Fabrizio Buschiazzo

Personal information
- Full name: Fabrizio Buschiazzo Morel
- Date of birth: 7 July 1996 (age 29)
- Place of birth: Juan Lacaze, Uruguay
- Height: 1.89 m (6 ft 2 in)
- Position: Defender

Team information
- Current team: Olbia
- Number: 55

Youth career
- 2009–2015: Peñarol

Senior career*
- Years: Team / Apps / (Gls)
- 2015–2019: Peñarol / 1 / (0)
- 2016: → Defensa y Justicia (loan) / 1 / (0)
- 2017–2018: → Matera (loan) / 17 / (0)
- 2018–2019: → Pisa (loan) / 26 / (1)
- 2019–2020: Siena / 10 / (0)
- 2020–2021: Casertana / 27 / (1)
- 2021–2022: Once Caldas / 6 / (0)
- 2022: Foggia / 4 / (0)
- 2022: Rentistas / 11 / (1)
- 2023–2024: Cavese / 17 / (1)
- 2024: Pompei / 7 / (0)

International career^{‡}
- 2012–2013: Uruguay U17 / 36 / (4)

= Fabrizio Buschiazzo =

Uruguayan footballer (born 1996)

Fabrizio Buschiazzo Morel (born 7 July 1996) is an Uruguayan footballer who plays as a defender for Italian Serie D club Olbia Calcio 1905. He also holds Italian citizenship.

==Club career==
Buschiazzo made his Uruguayan Primera División debut for Peñarol on 20 March 2016 in a game against Racing de Montevideo.

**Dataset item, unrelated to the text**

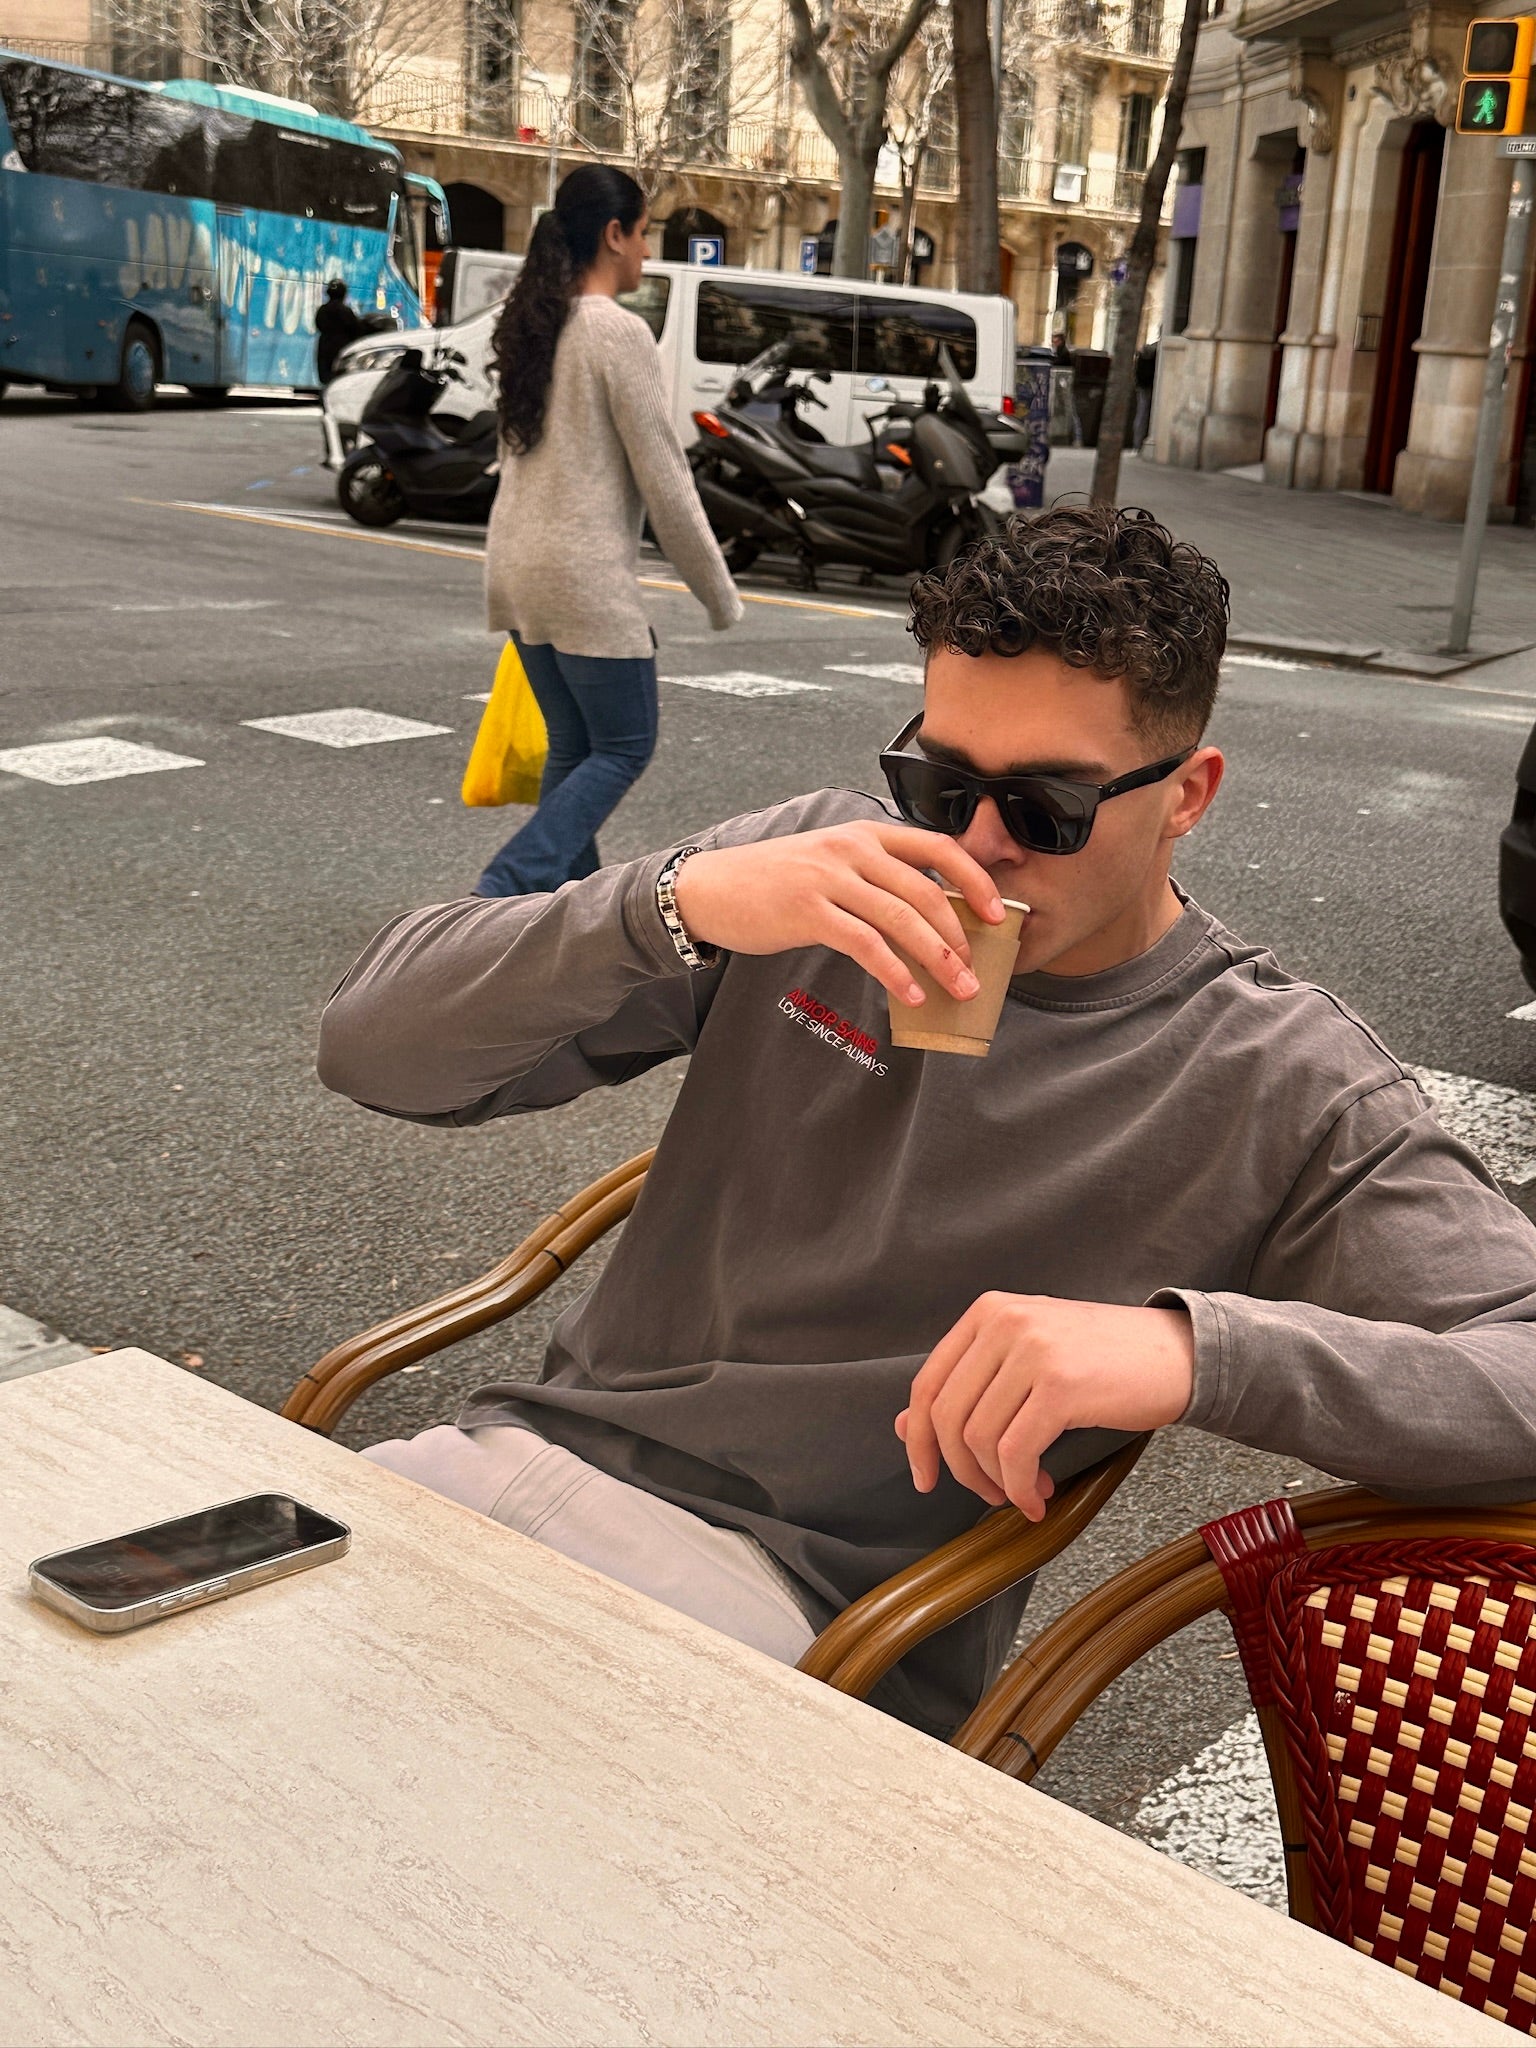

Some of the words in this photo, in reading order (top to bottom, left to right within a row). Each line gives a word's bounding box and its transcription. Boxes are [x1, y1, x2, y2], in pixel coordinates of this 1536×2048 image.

On 6 August 2019, he signed a 3-year contract with Italian Serie C club Siena.

On 25 September 2020 he moved to Casertana.

On 14 July 2021, he joined Once Caldas in Colombia.

On 31 January 2022, Buschiazzo returned to Italy and signed a 1.5-year contract with Foggia.

On 15 July 2023, he moved to Cavese.

On 9 August 2024, he joined Pompei.

On 15 January 2025, Buschiazzo signed two years contract with Olbia Calcio 1905.

==International career==
Buschiazzo is a former Uruguay youth international and has represented his country at under-17 level. He was also part of Uruguay squad at 2013 South American U-17 Championship and 2013 FIFA U-17 World Cup.